Friday, March 4, 2011

The Human Resources Manager (Friday, March 4, 2011) (12)

I've written before that what I really love about contemporary Israeli cinema are the very interesting, small and straightforward stories. Take, for example, Haim Tabakman's Eyes Wide Open, which deals with very deep matters of love and faith, but does it in a very intimate way using a very tight story and style. In the past, director Eran Riklis has done beautiful small movies, like Lemon Tree, but with The Human Resources Manager he sheds the simplicity and embarks on a bigger movie with a much more complicated, banal story.

The script for the film, by Noah Stollman (based on a book by Abraham B. Jehoshua, possibly based on a real event) is a mess and lacks a sensible structure. In the film, the eponymous and nameless manager works in a big bakery in Jerusalem. It seem that a woman who used to work there was killed in a suicide bombing, but her body was never collected from the morgue. The woman was a guest worker from Romania who has no family in the country, and the HR man is brought in when the tabloid press suggests the bakery was being cold-hearted in the situation.
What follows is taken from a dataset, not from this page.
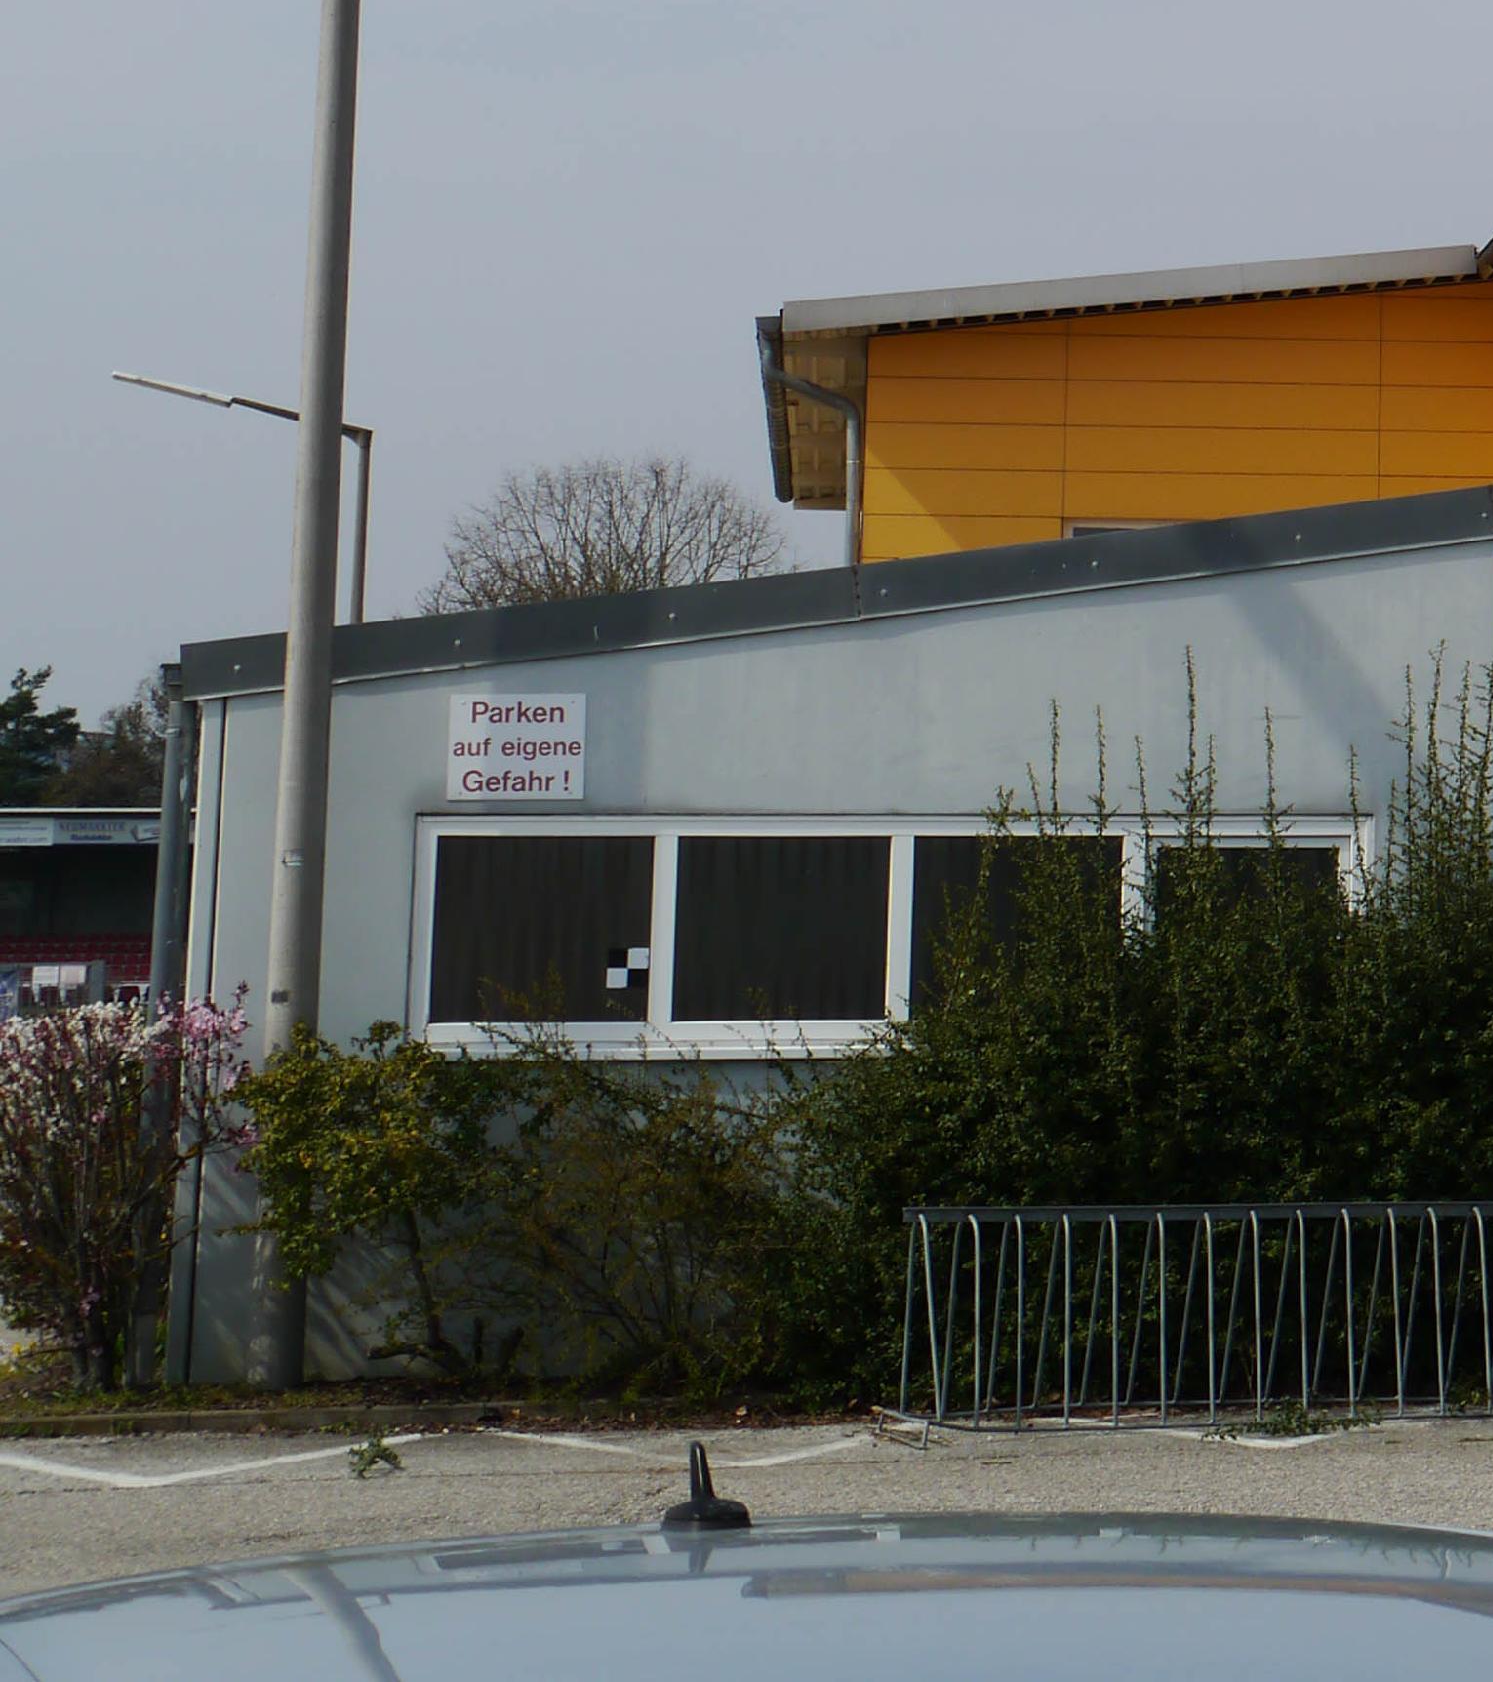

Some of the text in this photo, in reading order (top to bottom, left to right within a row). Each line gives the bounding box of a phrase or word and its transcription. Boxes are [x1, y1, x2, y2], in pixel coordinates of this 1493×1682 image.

As a face-saving measure the HR manager has to take the woman's body back to her country. Following him in Europe is the tabloid journalist who wrote the articles against the bakery and has a beef against the man (because journalists HATE middle-managers). What follows is a screwballish journey into the middle of nowhere with a casket on the roof of an Eastern Bloc van.
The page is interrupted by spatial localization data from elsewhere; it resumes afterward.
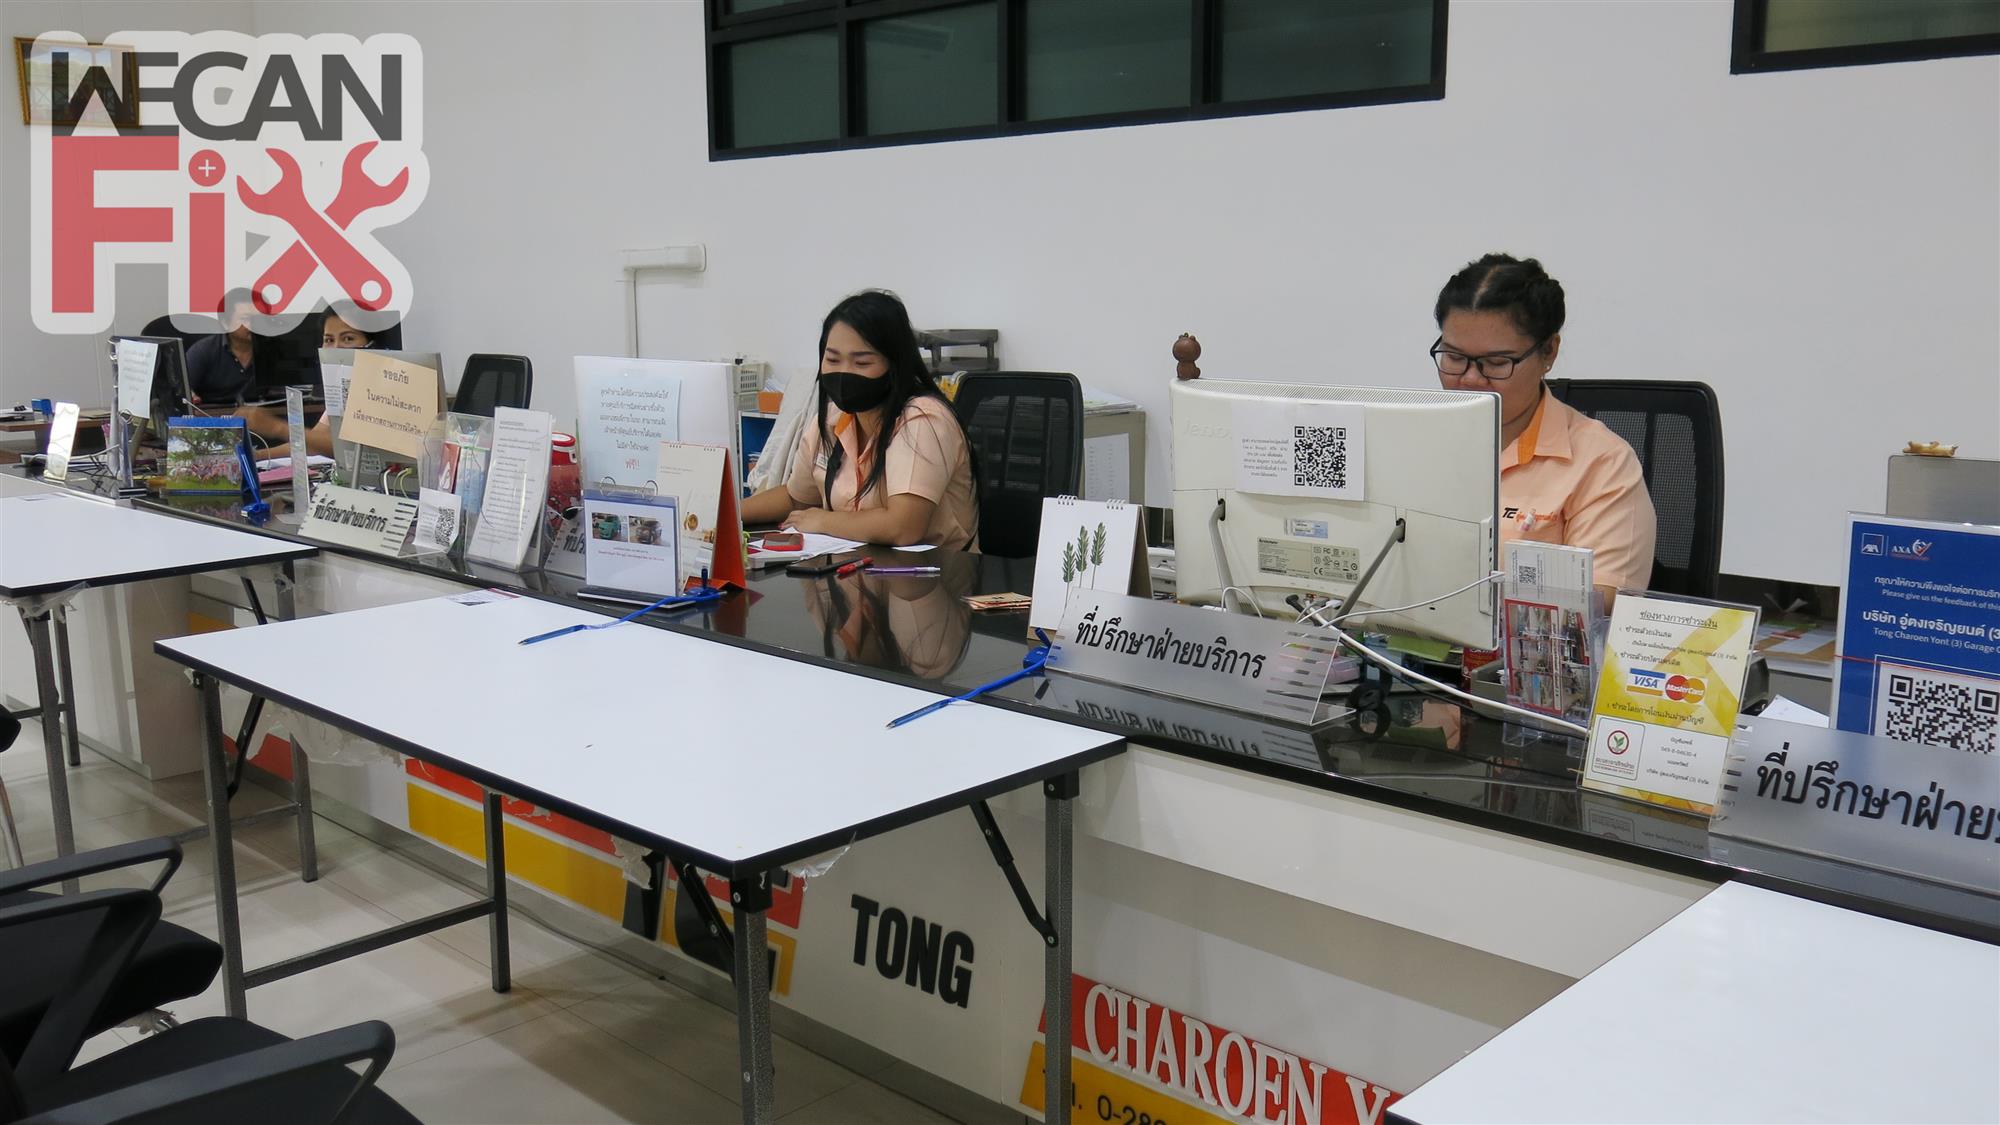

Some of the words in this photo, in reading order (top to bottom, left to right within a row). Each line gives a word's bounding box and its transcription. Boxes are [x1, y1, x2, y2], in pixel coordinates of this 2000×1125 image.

[383, 369, 410, 385] ขออภัย
[366, 388, 422, 414] ในความไม่สะดวก
[313, 493, 388, 533] ที่ปรึกษาฝ่ายบริการ
[1891, 545, 1912, 555] AXA
[1882, 589, 1905, 599] Please
[1905, 592, 1920, 602] give
[1931, 595, 1943, 604] the
[1944, 597, 1978, 608] feedback
[1978, 601, 1987, 609] of
[1625, 624, 1673, 638] ชำระด้วยเงินสด
[1639, 609, 1718, 628] ช่องทางการชำระเงิน
[1862, 609, 1896, 625] บริษัท
[1899, 613, 1986, 638] อู่ตงเจริญยนต์
[1074, 605, 1267, 680] ที่ปรึกษาฝ่ายบริการ
[1873, 628, 1894, 640] Tong
[1894, 630, 1929, 643] Charoen
[1930, 635, 1949, 646] Yont
[1951, 639, 1962, 649] (3)
[1964, 641, 1995, 654] Garage
[1633, 676, 1659, 689] VISA
[1666, 683, 1705, 696] MasterCard
[1756, 741, 2000, 846] ที่ปรึกษาฝ่าย
[850, 894, 975, 1009] TONG
[1084, 983, 1328, 1125] CHAROEN
My two main problems with this movie are that, first, it moves at a glacial pace and by the time you're near the end of the film, it's hard to remember how the hell you got there, and second, it's a really boring, hackneyed plot. There's a back story about how the HR manager is having trouble with his family (because his job at the bakery is really hard... really?!) and this trip is creating more friction with his wife - but he has to go on the trip to show her that he's a good man. That's all well and good, but by the time you're stuck in some ex-communist military bunker (where he gets a bad flu for no reason), all that back-story is totally beside the point. And do we really need another movie about a man who goes off into the wilderness (well, rural Romania) to find himself to be a good man? I've seen it a million times before and this does nothing to improve on past efforts.

I also feel that the tone of the film is weird. It would be best described as a "screwball dramedy", where you're never sure if the next moment will be silly or serious and significant. This style doesn't really work for me as I think the comedy elements are not really funny (mostly just crass and cheap) and it would have been more effective if it had been a drama with comedic elements in it. Ugh.

This is not a bad movie, but not a good one. I'm frustrated that a director I liked so much before would make such an unwieldy, rambling movie. In fairness, the best part of the film is Mark Ivanir who plays the lead guy very well. I just think the script here needs some editing or rewriting. As it is now, it's a bit of a jumble.